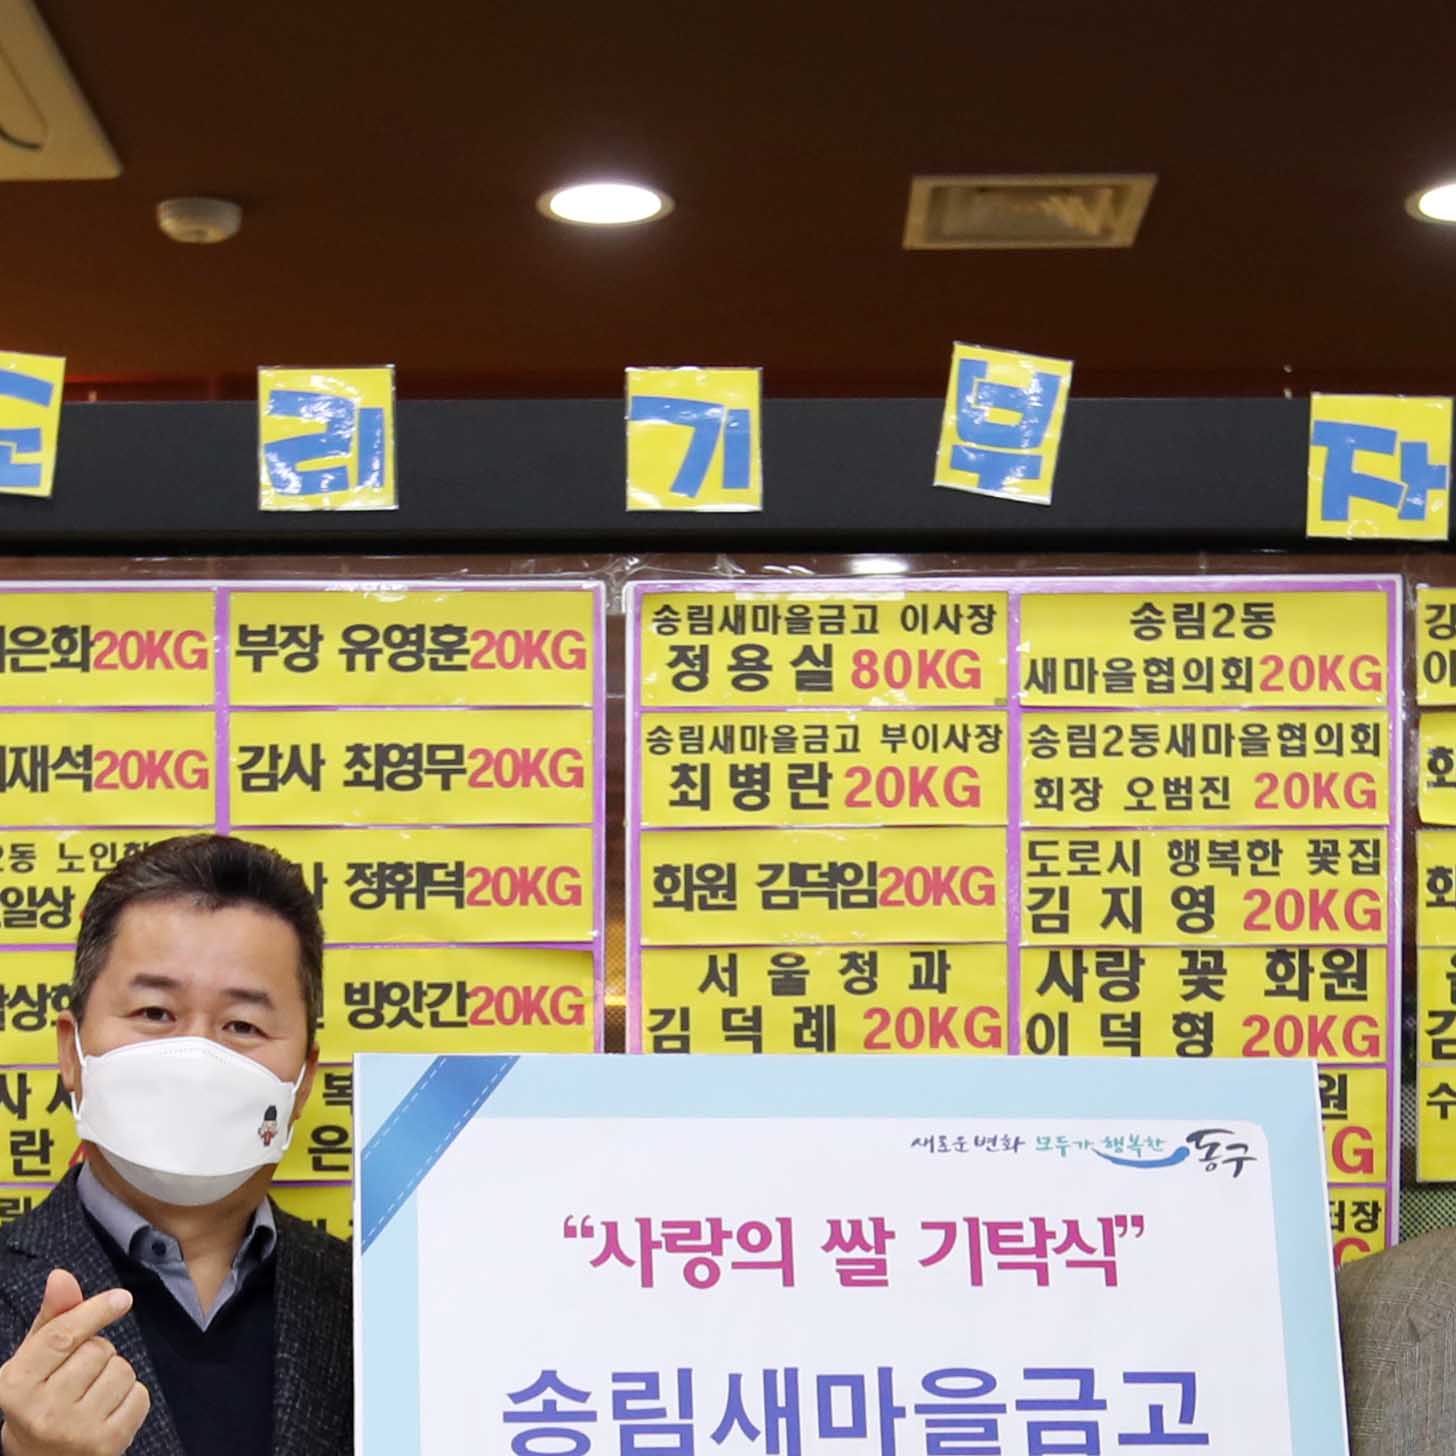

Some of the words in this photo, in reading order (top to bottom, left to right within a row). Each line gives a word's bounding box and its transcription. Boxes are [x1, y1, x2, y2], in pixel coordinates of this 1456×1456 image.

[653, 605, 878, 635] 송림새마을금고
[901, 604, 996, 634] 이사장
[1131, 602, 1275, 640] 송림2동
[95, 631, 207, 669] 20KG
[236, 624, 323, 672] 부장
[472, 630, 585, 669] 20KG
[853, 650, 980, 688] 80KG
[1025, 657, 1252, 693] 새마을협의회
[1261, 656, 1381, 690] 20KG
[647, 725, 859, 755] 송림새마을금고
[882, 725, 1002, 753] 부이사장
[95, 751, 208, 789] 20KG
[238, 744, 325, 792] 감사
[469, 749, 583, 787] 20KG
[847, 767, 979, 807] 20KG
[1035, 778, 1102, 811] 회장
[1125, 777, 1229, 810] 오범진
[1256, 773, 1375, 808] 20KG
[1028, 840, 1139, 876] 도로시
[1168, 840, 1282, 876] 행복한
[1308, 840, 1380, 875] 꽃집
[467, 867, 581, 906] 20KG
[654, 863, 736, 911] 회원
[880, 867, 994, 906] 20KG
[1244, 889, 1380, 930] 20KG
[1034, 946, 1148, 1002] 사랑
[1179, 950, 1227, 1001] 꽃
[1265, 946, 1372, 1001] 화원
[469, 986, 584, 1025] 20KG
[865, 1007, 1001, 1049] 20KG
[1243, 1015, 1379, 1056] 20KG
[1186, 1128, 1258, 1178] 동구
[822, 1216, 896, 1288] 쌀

-- WHAT THIS TASK INVOLVES --
The answer must be an exact copy of the records, with no pictures in it.

-- WRITTEN REPLY --
Some of the words in this photo, in reading order (top to bottom, left to right within a row). Each line gives a word's bounding box and its transcription. Boxes are [x1, y1, x2, y2], in pixel coordinates of this 1456×1456 image.

[653, 605, 878, 635] 송림새마을금고
[901, 604, 996, 634] 이사장
[1131, 602, 1275, 640] 송림2동
[95, 631, 207, 669] 20KG
[236, 624, 323, 672] 부장
[472, 630, 585, 669] 20KG
[853, 650, 980, 688] 80KG
[1025, 657, 1252, 693] 새마을협의회
[1261, 656, 1381, 690] 20KG
[647, 725, 859, 755] 송림새마을금고
[882, 725, 1002, 753] 부이사장
[95, 751, 208, 789] 20KG
[238, 744, 325, 792] 감사
[469, 749, 583, 787] 20KG
[847, 767, 979, 807] 20KG
[1035, 778, 1102, 811] 회장
[1125, 777, 1229, 810] 오범진
[1256, 773, 1375, 808] 20KG
[1028, 840, 1139, 876] 도로시
[1168, 840, 1282, 876] 행복한
[1308, 840, 1380, 875] 꽃집
[467, 867, 581, 906] 20KG
[654, 863, 736, 911] 회원
[880, 867, 994, 906] 20KG
[1244, 889, 1380, 930] 20KG
[1034, 946, 1148, 1002] 사랑
[1179, 950, 1227, 1001] 꽃
[1265, 946, 1372, 1001] 화원
[469, 986, 584, 1025] 20KG
[865, 1007, 1001, 1049] 20KG
[1243, 1015, 1379, 1056] 20KG
[1186, 1128, 1258, 1178] 동구
[822, 1216, 896, 1288] 쌀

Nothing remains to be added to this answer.